= Beginning of Section =

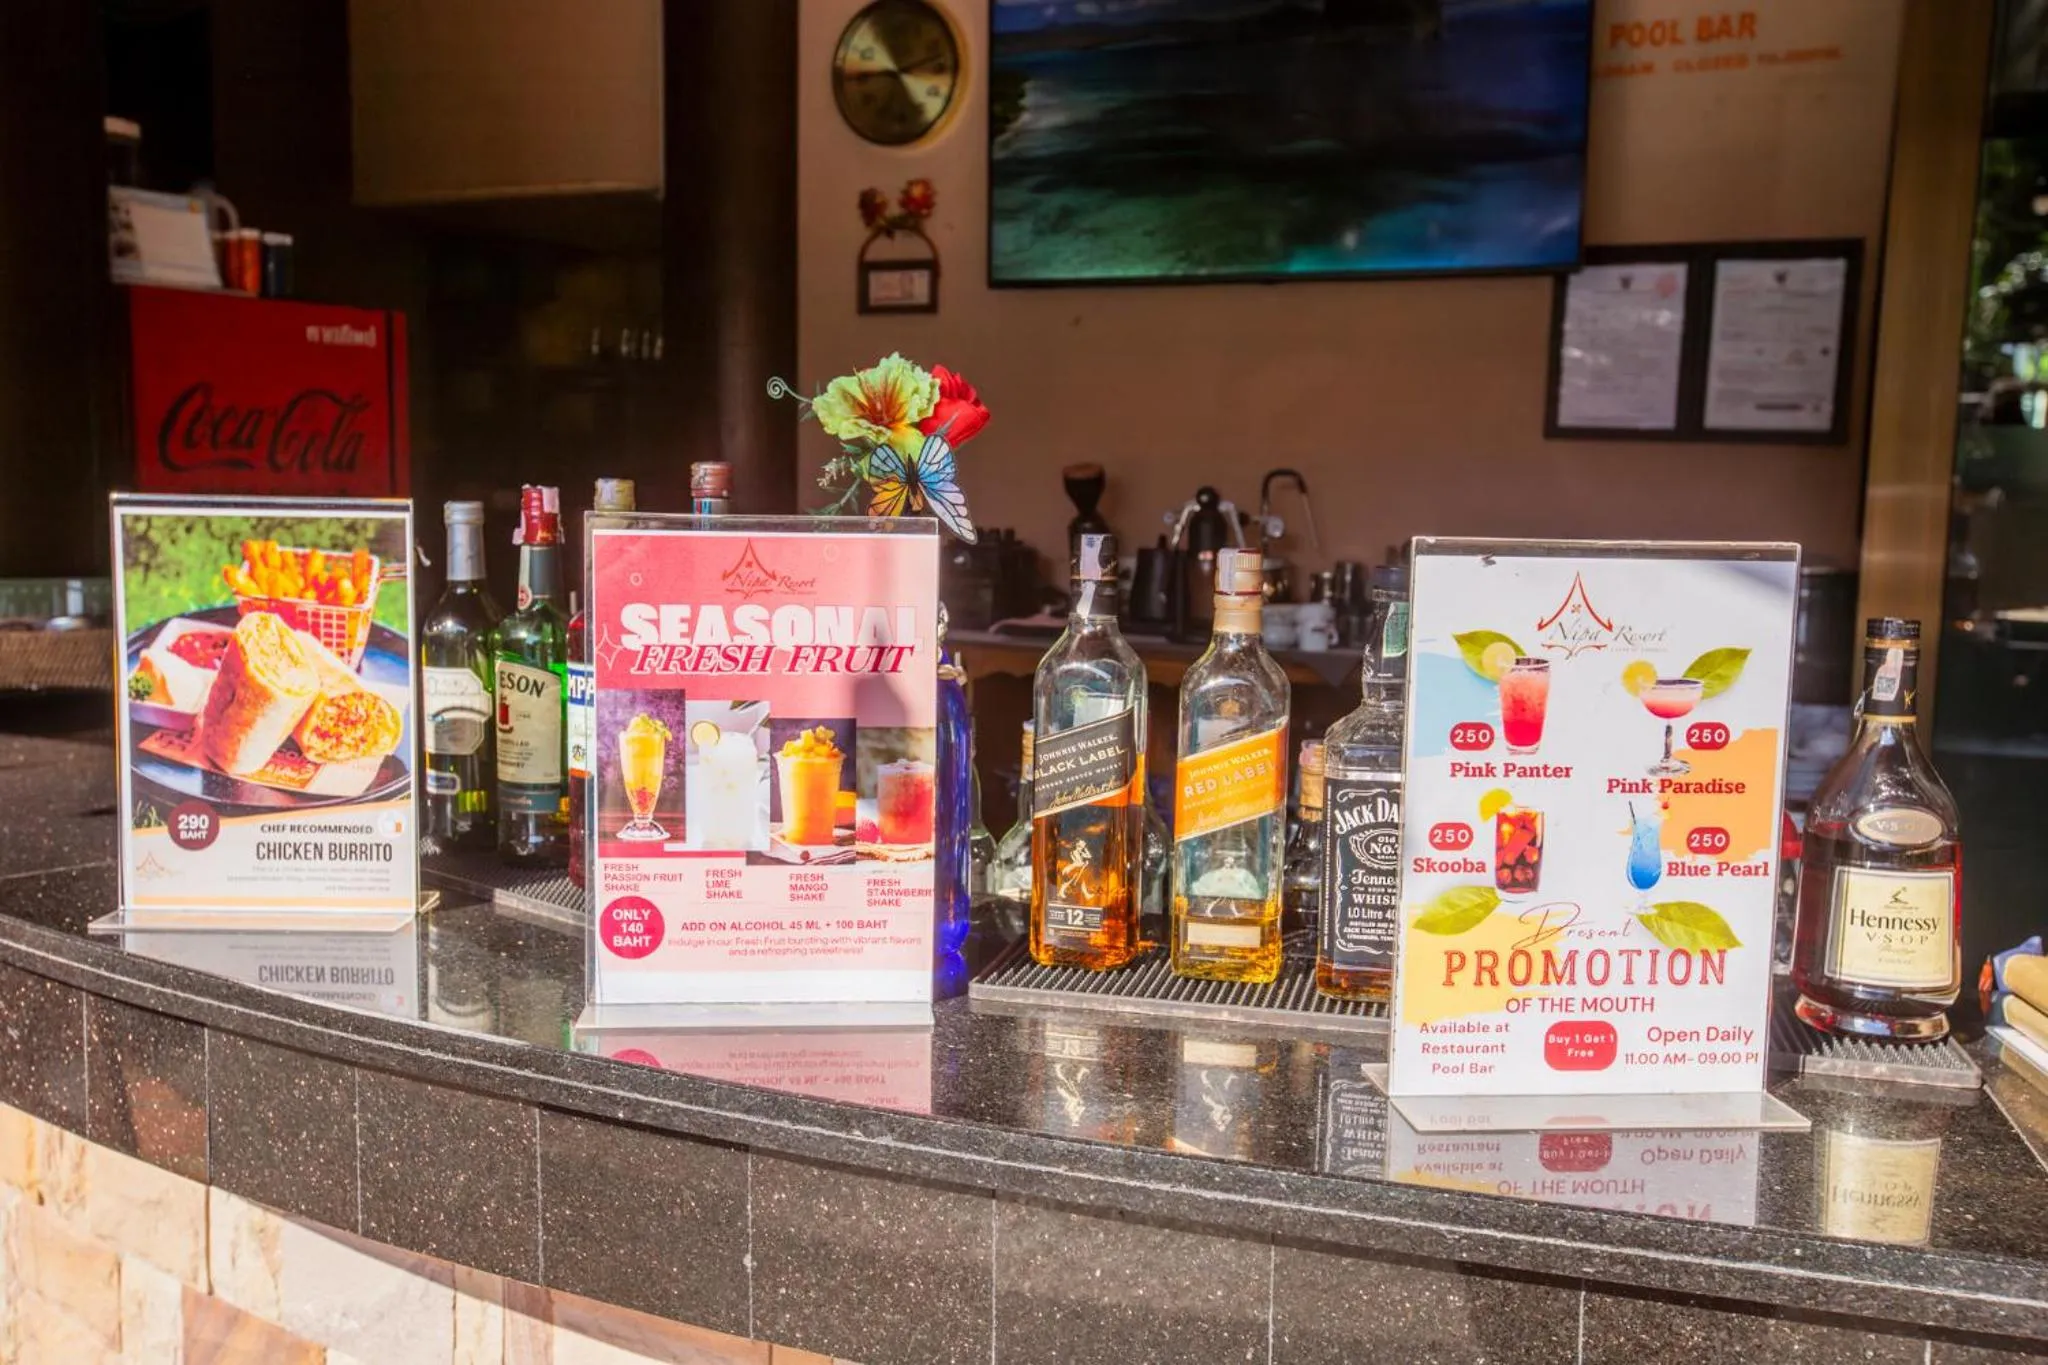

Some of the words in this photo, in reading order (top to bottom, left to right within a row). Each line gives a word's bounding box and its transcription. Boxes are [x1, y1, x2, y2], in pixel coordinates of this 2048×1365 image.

[1609, 19, 1684, 49] POOL
[1696, 12, 1758, 42] BAR
[620, 602, 924, 651] SEASONAL
[1613, 625, 1667, 646] Resort
[632, 645, 774, 674] FRESH
[786, 645, 914, 675] FRUIT
[1454, 729, 1490, 743] 250
[1690, 729, 1726, 743] 250
[1039, 745, 1077, 766] JOHNNIE
[1079, 746, 1126, 767] LABEL
[1450, 761, 1497, 778] Pink
[1504, 762, 1574, 778] Panter
[1184, 778, 1217, 799] RED
[1607, 777, 1653, 794] Pink
[1659, 777, 1746, 794] Paradise
[178, 814, 210, 830] 290
[1334, 803, 1376, 835] JACK
[180, 830, 207, 840] BAHT
[261, 823, 286, 835] CHEF
[290, 824, 374, 836] RECOMMENDED
[1433, 829, 1470, 843] 250
[1691, 833, 1727, 847] 250
[256, 842, 324, 861] CHICKEN
[329, 843, 393, 863] BURRITO
[604, 864, 639, 872] FRESH
[1413, 857, 1487, 873] Skooba
[1667, 860, 1712, 877] Blue
[1717, 861, 1771, 877] Pearl
[604, 873, 651, 881] PASSION
[654, 873, 683, 882] FRUIT
[706, 869, 743, 879] FRESH
[789, 873, 825, 883] FRESH
[604, 883, 640, 892] SHAKE
[706, 880, 731, 889] LIME
[789, 883, 829, 892] MANGO
[867, 878, 902, 887] FRESH
[706, 890, 744, 899] SHAKE
[789, 893, 826, 903] SHAKE
[867, 899, 902, 908] SHAKE
[612, 908, 652, 921] ONLY
[1066, 908, 1084, 926] 12
[1850, 907, 1940, 934] Hennessy
[621, 922, 644, 934] 140
[681, 922, 707, 931] ADD
[709, 921, 727, 931] ON
[729, 920, 786, 931] ALCOHOL
[789, 920, 802, 930] 45
[805, 919, 821, 930] ML
[836, 919, 854, 930] 100
[857, 919, 889, 930] BAHT
[1510, 901, 1631, 950] Present
[613, 935, 653, 947] BAHT
[668, 937, 705, 949] Indulge
[736, 936, 762, 947] Fresh
[788, 936, 828, 947] bursting
[831, 936, 852, 946] with
[854, 936, 888, 946] vibrant
[758, 947, 807, 957] refreshing
[1443, 948, 1727, 986] PROMOTION
[1506, 997, 1533, 1013] OF
[1537, 997, 1575, 1013] THE
[1582, 996, 1655, 1013] MOUTH
[1420, 1022, 1490, 1034] Available
[1496, 1023, 1510, 1033] at
[1549, 1033, 1570, 1046] Buy
[1584, 1034, 1606, 1044] Get
[1648, 1026, 1700, 1046] Open
[1706, 1026, 1754, 1045] Daily
[1421, 1042, 1507, 1055] Restaurant
[1568, 1049, 1596, 1058] Free
[1625, 1053, 1659, 1065] 11.00
[1698, 1052, 1742, 1064] 09.00
[1432, 1063, 1465, 1075] Pool
[1470, 1063, 1496, 1075] Bar

= End of Section =

# [Your instructions]
Lines that hold "Pink" are the ones to copy, so pick each out from the data.

# [Exercise answer]
[1450, 761, 1497, 778] Pink
[1607, 777, 1653, 794] Pink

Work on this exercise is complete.